SUPERIOR COURT OF JUSTICE – ONTARIO
(COMMERCIAL LIST)
COURT FILE NO.: CV-12-9761-00CL
DATE: 20121109
IN THE MATTER OF THE COMPANIES’ CREDITORS ARRANGEMENT ACT,
R.S.C. 1985, c. C 36, AS AMENDED
RE: IN THE MATTER OF A PLAN OF COMPROMISE OR ARRANGEMENT OF NORTHSTAR AEROSPACE, INC., NORTHSTAR AEROSPACE (CANADA) INC., 2007775 ONTARIO INC. AND 3024308 NOVA SCOTIA COMPANY, Applicants
BEFORE: MORAWETZ J.
COUNSEL:
C. J. Hill, for Ernst & Young Inc., Court-Appointed Monitor
J. L. Wall, for Her Majesty The Queen in Right of Ontario as Represented by the Ministry of the Environment
P. Guy, for Former Directors and Officers Group (“Former D&O Group”)
S. Weisz, for Pre-Petition Agent
HEARD: OCTOBER 31, 2012 (with Supplementary Materials filed November 2, 2012)
ENDORSEMENT
[1] This motion was brought by the Former D&O Group for (a) an interim order, injunction or declaration restraining the Director, as appointed pursuant to the Environmental Protection Act (“EPA”), or anyone as he may direct (the “Director”) from issuing Director’s Order No. 5866 – 8WKU92 (the “Director’s Order”) dated October 19, 2012, filed in the CCAA Proceedings by Her Majesty The Queen in Right of Ontario, as represented by the Ministry of the Environment, (the “MOE Claim”), until such time as the court adjudicates the balance of the within motion; and (b) an interlocutory order, injunction or declaration restraining the Director from issuing the Director’s Order until such time as the court adjudicates the motion to be brought by the Monitor for an order prescribing adjudicative procedures (including the proper forum) to be used in relation to the determination of the MOE Claim and the other claims filed in the CCAA claims process (the “Adjudication Procedure Motion”).
[2] The Adjudication Procedure Motion is currently scheduled to be heard on November 14, 2012. As a result, the Former D&O Group seeks an interlocutory order restraining the Director from issuing the Director’s Order for 12 days pending the return of the Adjudication Procedure Motion.
[3] Northstar notified the MOE in 1995 that a spill at a manufacturing plant in Cambridge, Ontario (the “Site”) had contaminated groundwater that ran beneath hundreds of residential properties in the surrounding area (the “Bishop Street Community”).
[4] Since 1995, Northstar has voluntarily conducted various investigation, remediation and monitoring activities at the Site and in the Bishop Street Community, in conjunction with the MOE and local authorities.
[5] The MOE issued a Director’s Order on March 15, 2012 pursuant to sections 17, 18 and 196 of the EPA ordering Northstar to develop and implement a plan to clean up contaminated groundwater (the “First Director’s Order”).

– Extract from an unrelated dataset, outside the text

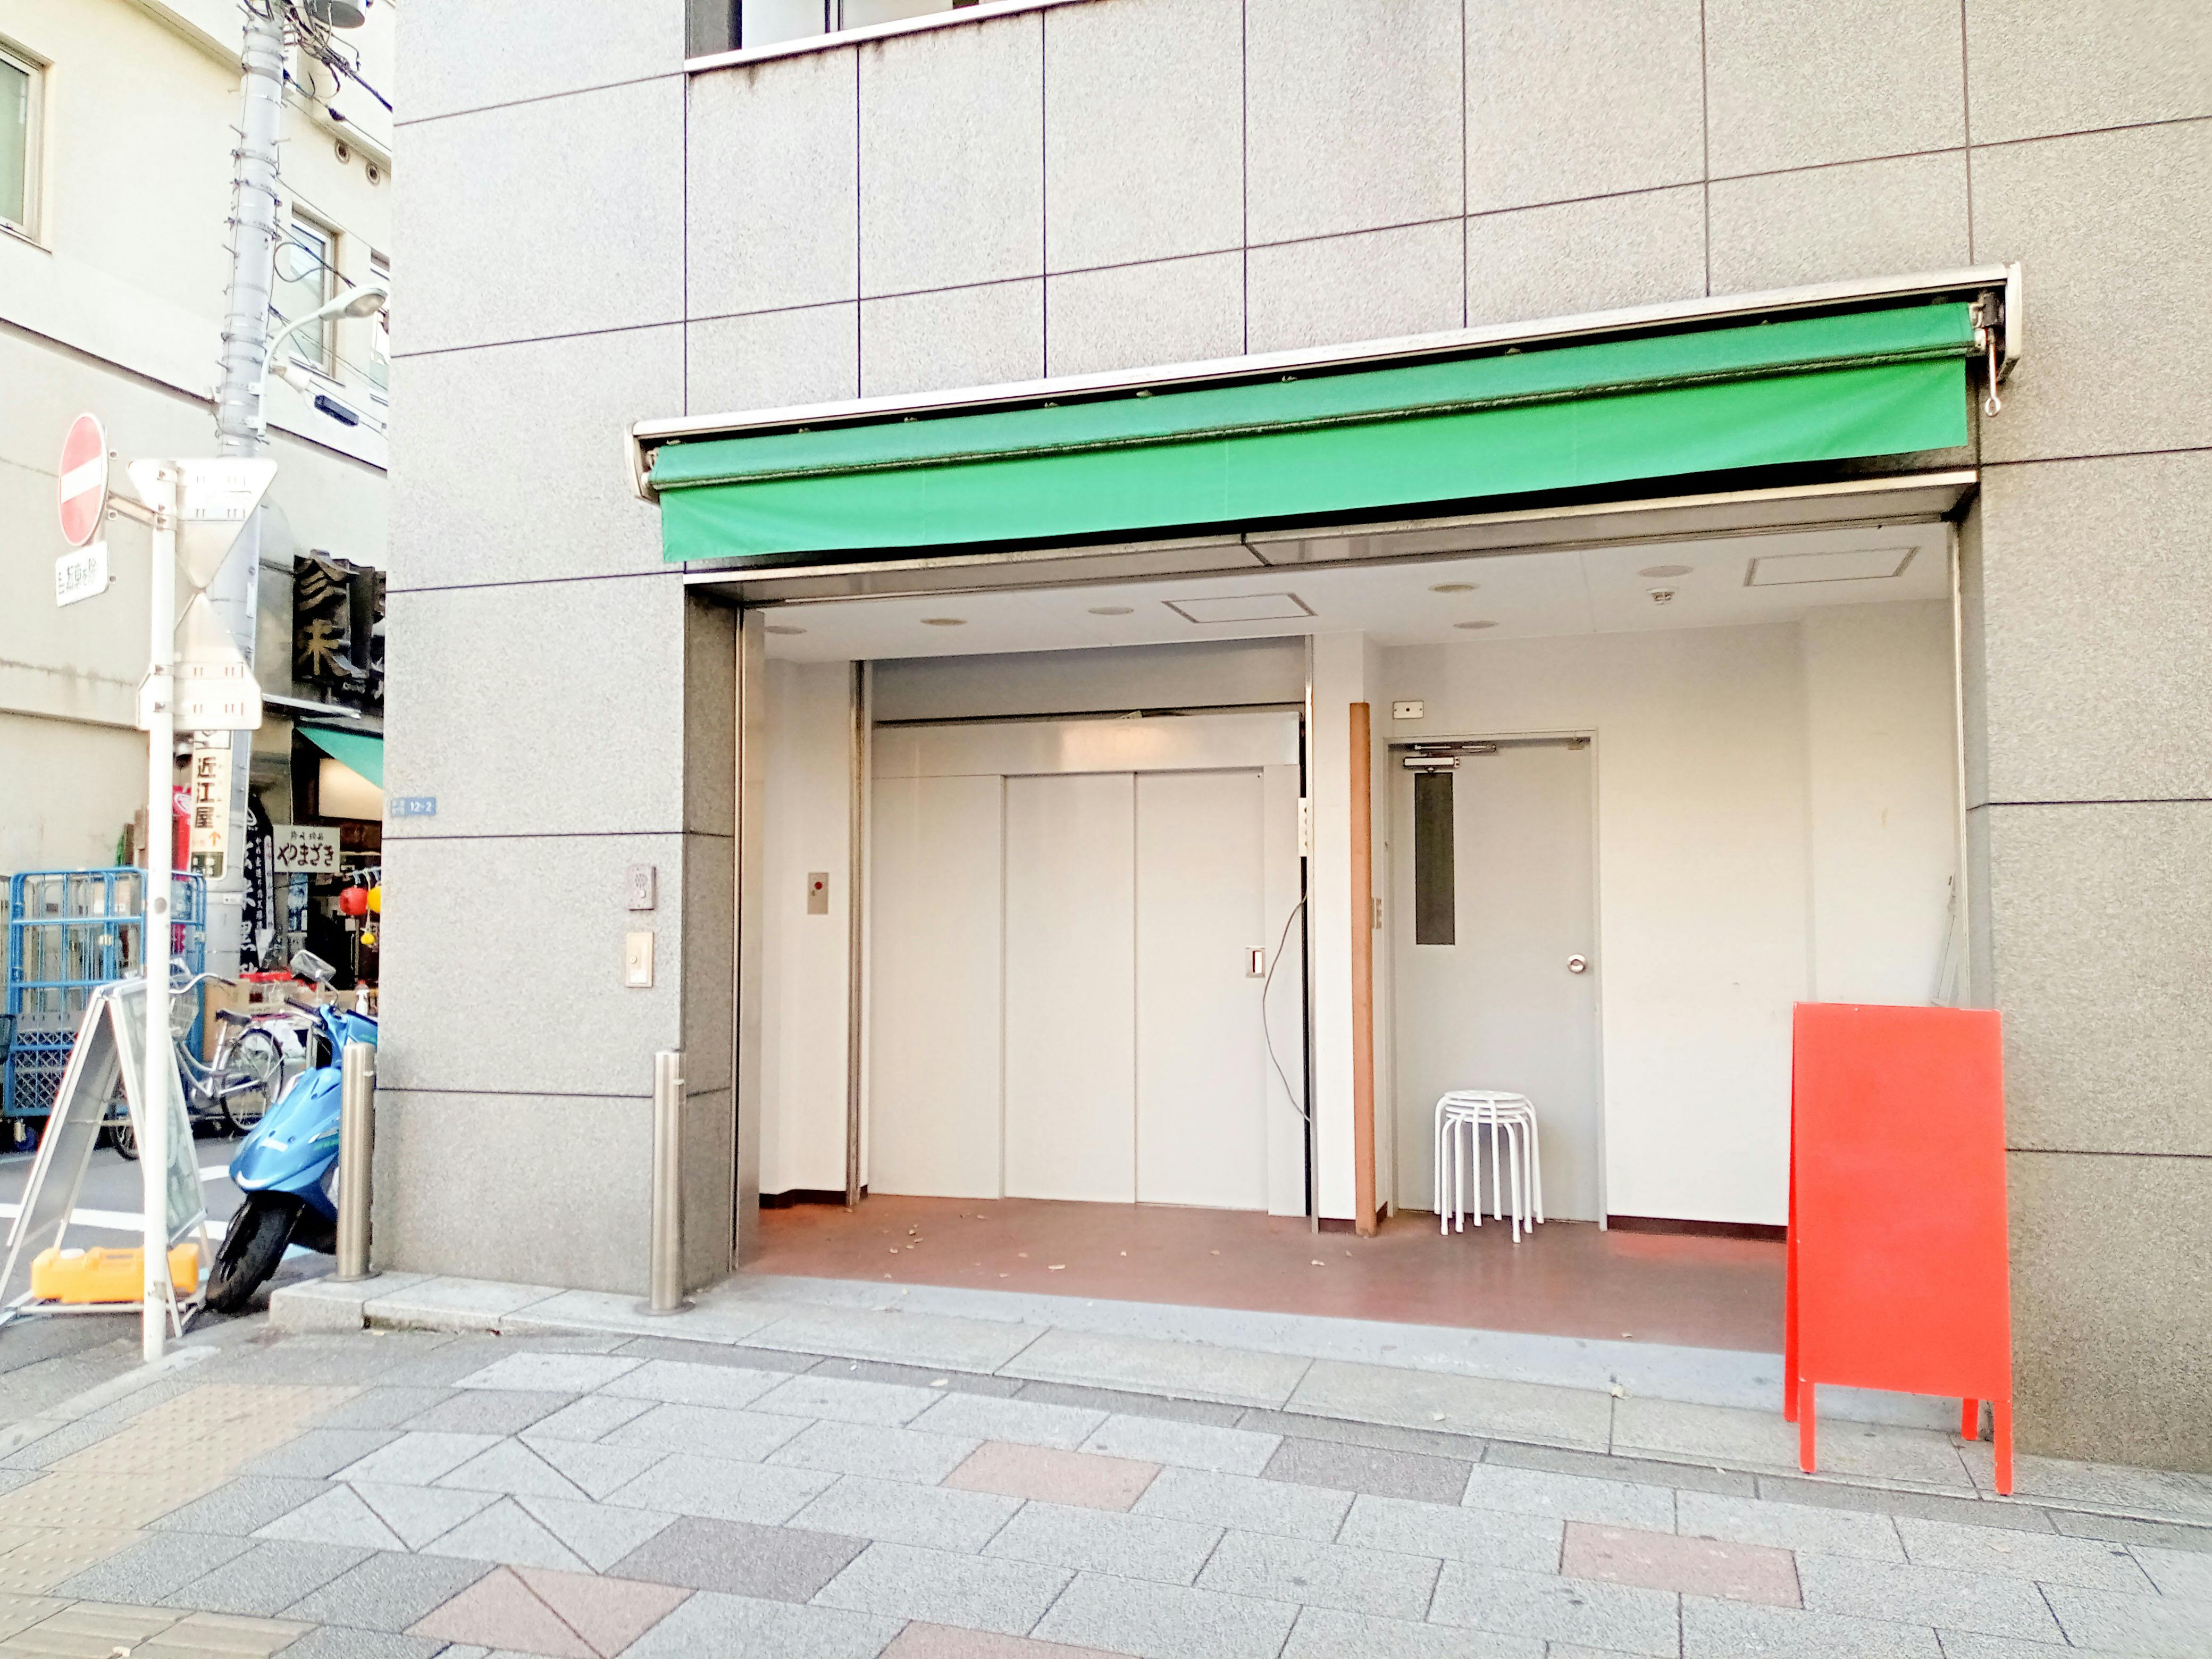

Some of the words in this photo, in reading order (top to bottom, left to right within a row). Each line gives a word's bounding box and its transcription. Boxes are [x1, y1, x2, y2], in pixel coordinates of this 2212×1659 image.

[195, 756, 216, 828] 近江屋
[410, 801, 432, 813] 12-2
[277, 842, 334, 867] やまざき

[6] The MOE issued a second Director’s Order on May 31, 2012 ordering Northstar to provide financial assistance to the MOE in the amount of $10,352,906 within a week (the “Second Director’s Order”).

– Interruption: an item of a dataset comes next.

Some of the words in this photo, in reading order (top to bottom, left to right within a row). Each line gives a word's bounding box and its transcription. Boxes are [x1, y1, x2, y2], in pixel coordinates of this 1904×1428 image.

[7] Northstar obtained protection the CCAA on June 14, 2012. The Initial Order granted that day has been extended twice, most recently to October 31, 2012.
[8] On August 24, 2012, Northstar completed a court-approved sale of substantially all of its assets to Heligear Canada Acquisition Corporation. The sale was the culmination of a stalking horse sales process that was approved at the outset of the CCAA Proceedings.
[9] The Sale Transaction did not include the Site. Upon closing, Northstar was adjudged bankrupt and had no funds to continue the remediation efforts of the Site.
[10] On August 15, 2012, the Minister issued a Direction pursuant to section 146 of the EPA directing the MOE to perform the work required by the First Director’s Order (the “Direction”), and as a result, the MOE has taken over the remediation activities on the Site effective on or about August 27, 2012.
[11] The bankruptcy order against Northstar permits the continuation of the CCAA Proceedings to allow the completion of a claims process started under the CCAA.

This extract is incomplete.